The EU Referendum and Experiences and Fear of Ethnic and Racial Harassment: Variation across individuals and communities in England
Presented by: Renee Luthra (University of Essex) ; Discussant: Patrick Simon (Ined, UR08)
summary
Over one in four children under the age of 18 in the UK today are members of the “second generation”: native born but with at least one foreign born parent. To understand the political socialisation process of this very heterogeneous group of young people, we need to consider the sending country experiences, migration journey, and pathway to citizenship for their immigrant parents. Applying the recently developed international perspective (Luthra, Waldinger and Soehl 2018), this talk will examine the association between the political interest and voting behaviour of the second generation and the context of emigration, the context of immigration, and political interest and voting behaviour of their immigrant parents.
Biography of Renee Luthra
Renee Luthra is Director of the Essex Centre for Migration Studies, Assistant Director of the ESRC Research Centre for Micro-Social Change, and Senior Lecturer in Sociology at the University of Essex.
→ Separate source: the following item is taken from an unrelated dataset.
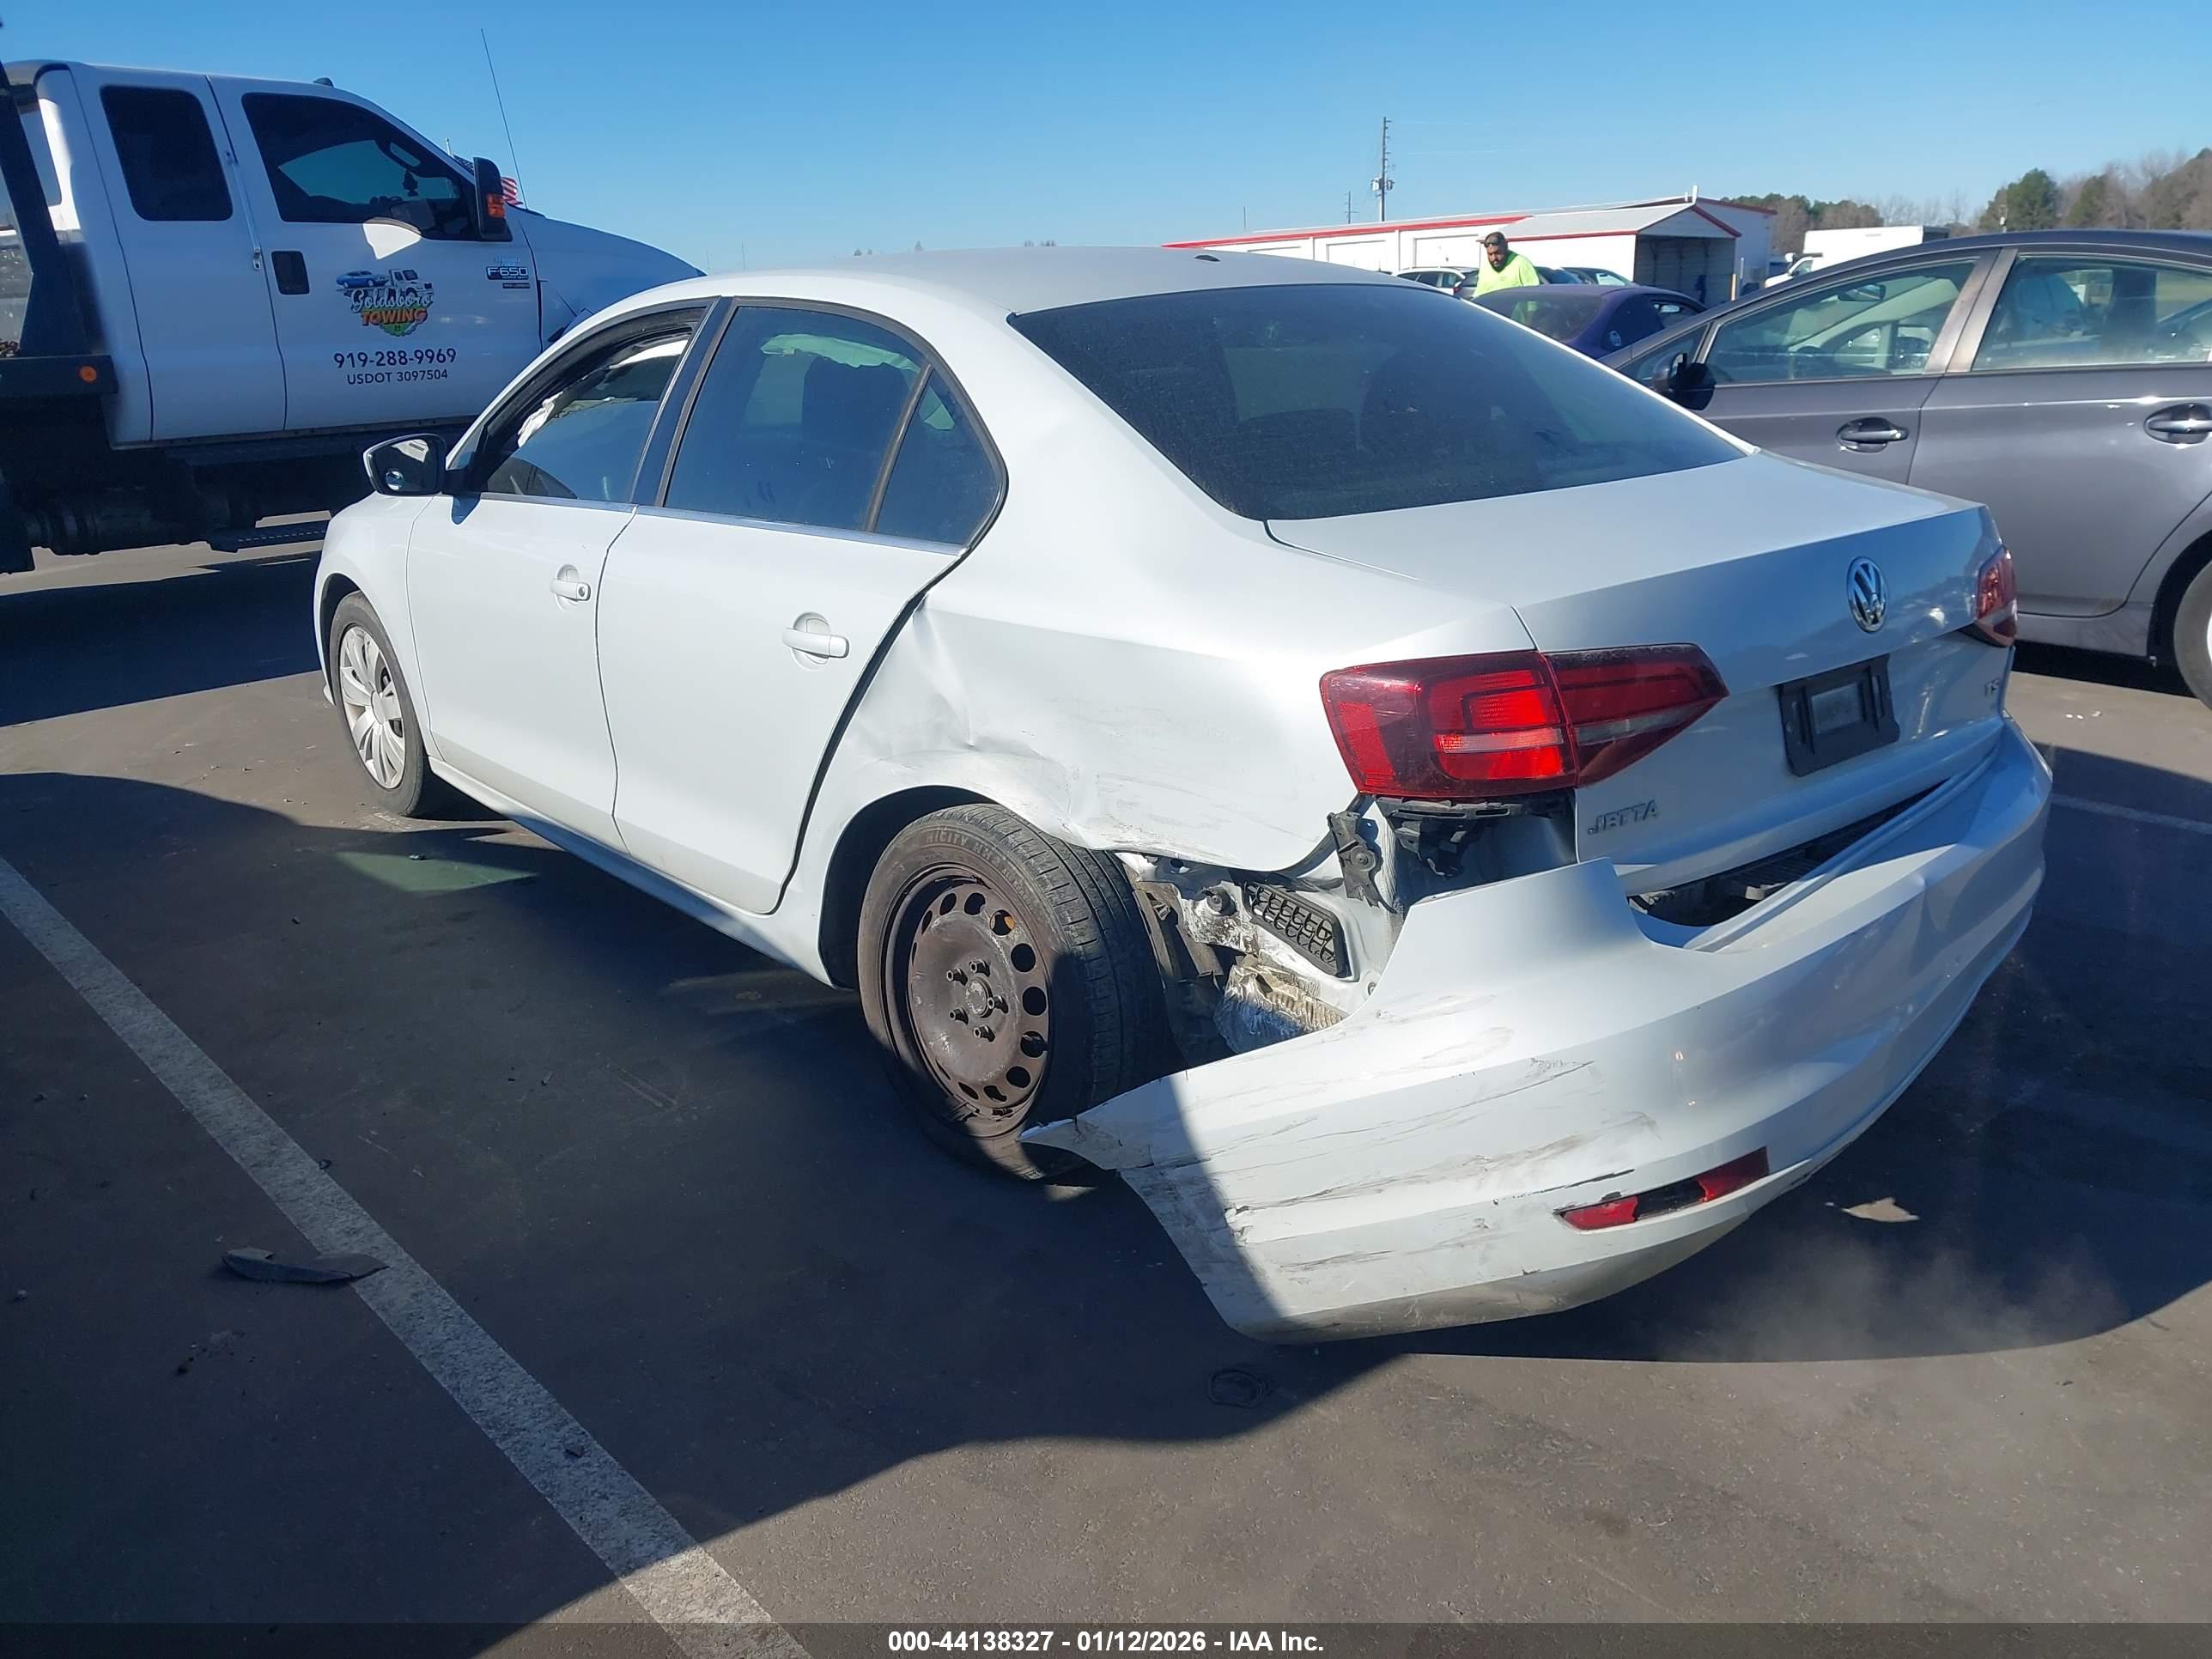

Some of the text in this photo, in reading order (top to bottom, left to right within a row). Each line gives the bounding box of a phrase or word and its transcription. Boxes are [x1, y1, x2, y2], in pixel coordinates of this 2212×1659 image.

She received her PhD (2010) in Sociology at the University of California, Los Angeles. Her primary areas of expertise are international migration and social stratification, especially inequalities by place of birth, citizenship, and ethnicity. She is the author (with Thomas Soehl and Roger Waldinger) of Origins and Destinations: The Making of the Second Generation, which introduces an international perspective that incorporates characteristics of both the sending country and the context of reception to explain the outcomes of the children of immigrants in the United States. She is applying this perspective in her current work to examine the effect of immigrant selectivity, sending country political socialisation and social trust to better understand the outcomes of immigrants and their descendants in the UK and across Europe.